Title: Lessons in Poetry: For a Wayward Child of Sad Eyes and Lonely Heart
Authors: Anita Garman and John Knowlton
When her husband of 58 years dies, Anita is inconsolable at having lost her best friend, life companion, and soulmate. She slips in and out of periods of severe depression, struggling against her own grief and her terror that she may not be reunited with her husband in the afterlife.
However, after a series of dreams, synchronicities, and visits with friends and therapists, Anita becomes sure that her dear departed Johnny is trying to get in touch with her from beyond the grave. When she discovers a hidden poem addressed to her from Johnny tucked away in a poetry book, she begins a journey of healing and transformation that transports her beyond the boundaries of this world while teaching her to savor her life on earth to the fullest.
Diary entries, poems, conversations, and memories are smoothly interwoven with the narrative to bring a multitude of voices into Lessons in Poetry: For a Wayward Child of Sad Eyes and Lonely Heart. Our narrator is also our author (here joined by John Knowlton as co-author) and she writes with striking clarity and insight about the maelstrom of emotions one experiences after the loss of a loved one.
The prose is elegant and clean and entices the reader into the inner world of its narrator within the first few sentences. Long studies of interiority can be boring, but Garman and Knowlton’s lovingly rendered depiction of the quiet days of numb mourning as well as the electric moments of spiritual connection between Johnny and Anita are engaging.
While he comforts and guides her through the autumn of her life, the audience watches her struggle honestly with religious doubt, fear of mortality, supernatural skepticism, and self-interrogation. This gives Anita a three-dimensional quality that makes the reader feel even more invested in the way she combs through Johnny’s old poems and letters seeking to connect with him once again. The finished product is a book which steers clear of being saccharine, yet manages to capture some profound moments of spiritual insight.
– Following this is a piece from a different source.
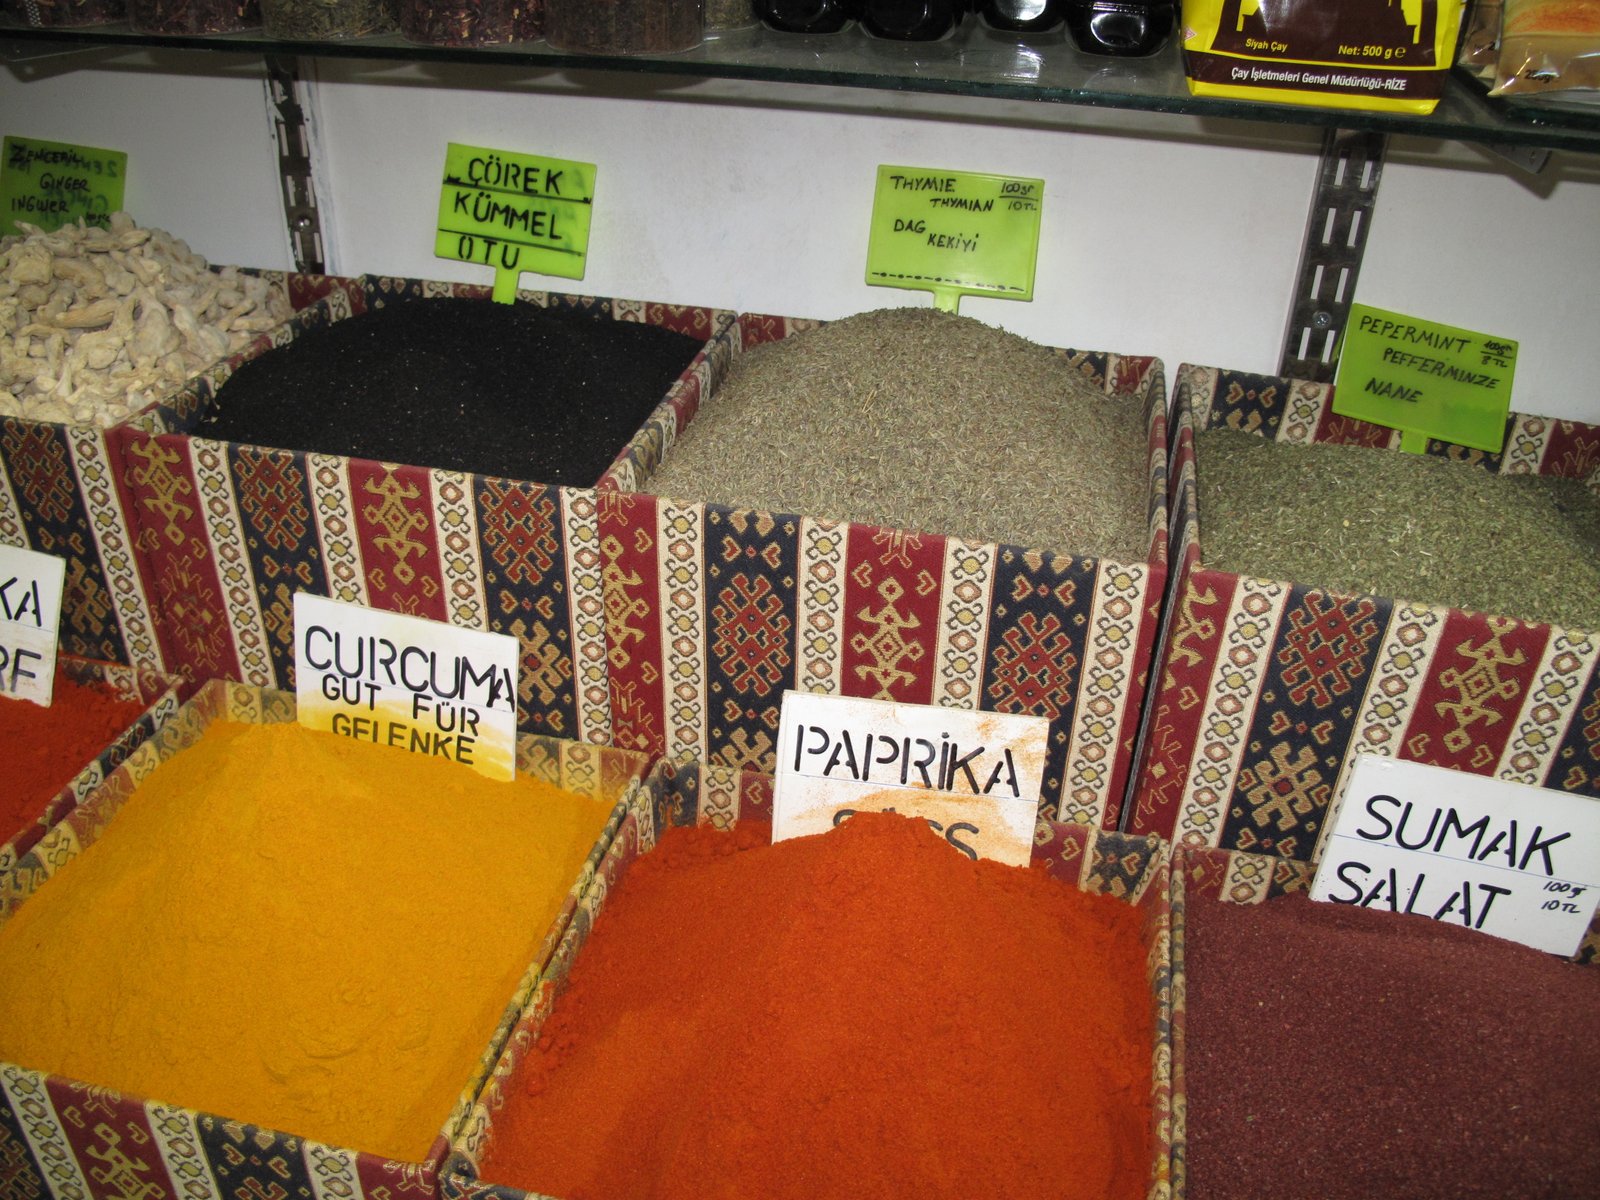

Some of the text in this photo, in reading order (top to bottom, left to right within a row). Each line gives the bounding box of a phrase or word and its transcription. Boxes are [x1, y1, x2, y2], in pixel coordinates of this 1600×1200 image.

The book’s problems are few, though it does fall prey to the same trouble many memoirs face: a difficulty expressing clearly from the beginning where the book is going and why. While the reader soon relaxes into the knowledge that they are being led through Anita’s journey for its own sake, it may take them a chapter or two to understand that this is the intent of the book.
The epilogue transitions from Anita meditating on her husband’s writing to the documentation of a number of memoir vignettes penned by Johnny, and some readers may be confused as to who is narrating or if the vignettes are supposed to be read as a linear narrative or not.
Beautifully written and finely self-reflective, Lessons in Poetry: For a Wayward Child of Sad Eyes and Lonely Heart is a great read for those coping with the loss of a loved one, as well as those who love a sweeping romance or have questions about the life beyond this one. Garman and Knowlton have created a poignant but empowering portrait of grief that serves as a reminder that death is not truly the end.